CRISE POLÍTICA INTERNACIONAL

Gustavo Petro alerta para risco de guerra civil após denúncia de fraude na Colômbia

Gustavo Petro em pronunciamento na Casa de Nariño, Bogotá.
O presidente colombiano Gustavo Petro discursa durante uma coletiva de imprensa após alegar irregularidades nas eleições presidenciais de 2026, na Casa de Nariño, em Bogotá, Colômbia. — Foto: Luisa Gonzalez / Reuters

Presidente acusa interferência estrangeira no pleito e questiona a legitimidade de Abelardo de la Espriella. Oposição convoca protestos em grandes cidades.

O presidente da Colômbia, Gustavo Petro, declarou que o país enfrenta uma crise institucional sem precedentes após apontar a existência de uma fraude sistemática nas eleições presidenciais que levaram à derrota de seu aliado. Em pronunciamento realizado na segunda-feira (3), o mandatário afirmou que a ascensão ao poder do ultradireitista Abelardo de la Espriella coloca a nação sob o risco iminente de uma guerra civil.

A decisão de contestar o resultado, proferida no palácio presidencial em Bogotá, baseia-se na tese de Petro de que algoritmos e investimentos estrangeiros foram utilizados para manipular a vontade popular contra o candidato Iván Cepeda. Para o atual governo, a posse do sucessor, prevista para ocorrer na sexta-feira em Cali, representa a entronização de uma gestão ilegítima.

O cenário é agravado pela interferência externa apontada pelo chefe do Executivo. Petro sugeriu que o presidente eleito, que recebeu o apoio público de Donald Trump, estaria orquestrando um plano para sua extradição aos Estados Unidos fundamentado em acusações falsas. Essa tensão geopolítica reacende temores sobre a estabilidade democrática colombiana.

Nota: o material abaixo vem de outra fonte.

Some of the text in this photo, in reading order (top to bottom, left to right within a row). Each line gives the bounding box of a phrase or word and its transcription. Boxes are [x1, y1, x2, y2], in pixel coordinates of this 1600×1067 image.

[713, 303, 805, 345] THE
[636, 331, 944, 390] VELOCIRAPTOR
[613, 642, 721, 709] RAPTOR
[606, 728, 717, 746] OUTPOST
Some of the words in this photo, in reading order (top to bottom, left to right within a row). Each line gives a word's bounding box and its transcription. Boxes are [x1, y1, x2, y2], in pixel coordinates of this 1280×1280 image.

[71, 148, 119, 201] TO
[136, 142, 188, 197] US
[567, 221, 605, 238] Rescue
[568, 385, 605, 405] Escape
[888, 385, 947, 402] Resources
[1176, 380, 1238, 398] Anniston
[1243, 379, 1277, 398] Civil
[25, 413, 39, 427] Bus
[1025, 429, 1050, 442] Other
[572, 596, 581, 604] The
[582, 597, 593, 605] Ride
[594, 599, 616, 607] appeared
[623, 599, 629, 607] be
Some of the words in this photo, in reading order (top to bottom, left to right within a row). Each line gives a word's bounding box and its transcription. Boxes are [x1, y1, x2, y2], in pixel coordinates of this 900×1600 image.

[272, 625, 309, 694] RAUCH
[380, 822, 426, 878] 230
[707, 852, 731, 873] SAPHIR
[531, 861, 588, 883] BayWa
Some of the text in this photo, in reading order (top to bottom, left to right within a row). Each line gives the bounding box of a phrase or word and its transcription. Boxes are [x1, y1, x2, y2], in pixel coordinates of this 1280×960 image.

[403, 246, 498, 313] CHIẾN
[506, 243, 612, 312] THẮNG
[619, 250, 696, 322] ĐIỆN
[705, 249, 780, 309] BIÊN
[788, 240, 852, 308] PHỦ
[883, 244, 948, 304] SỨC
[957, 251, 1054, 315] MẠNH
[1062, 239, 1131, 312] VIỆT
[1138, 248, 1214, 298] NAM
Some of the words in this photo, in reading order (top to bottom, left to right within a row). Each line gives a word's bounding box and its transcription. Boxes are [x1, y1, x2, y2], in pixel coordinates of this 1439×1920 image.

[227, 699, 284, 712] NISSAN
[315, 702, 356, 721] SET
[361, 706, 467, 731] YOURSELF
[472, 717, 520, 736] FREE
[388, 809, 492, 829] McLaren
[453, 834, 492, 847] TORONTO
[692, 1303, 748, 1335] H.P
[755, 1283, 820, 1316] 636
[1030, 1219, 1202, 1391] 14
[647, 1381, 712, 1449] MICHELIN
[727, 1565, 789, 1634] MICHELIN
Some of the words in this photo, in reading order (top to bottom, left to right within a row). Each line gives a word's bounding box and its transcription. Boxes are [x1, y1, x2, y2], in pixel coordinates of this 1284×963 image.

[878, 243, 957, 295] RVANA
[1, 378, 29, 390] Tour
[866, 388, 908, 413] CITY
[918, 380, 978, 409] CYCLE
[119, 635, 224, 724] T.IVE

A crise reflete uma profunda polarização social. Enquanto a bancada de esquerda no Congresso, sob liderança de Cepeda, confirmou o boicote à cerimônia de posse e a convocação de manifestações em Bogotá, Cali e Barranquilla, o setor conservador teme uma escalada de violência. O receio é que a situação repita os protestos que marcaram o governo de Iván Duque, entre 2019 e 2021, que resultaram em um saldo trágico de vítimas.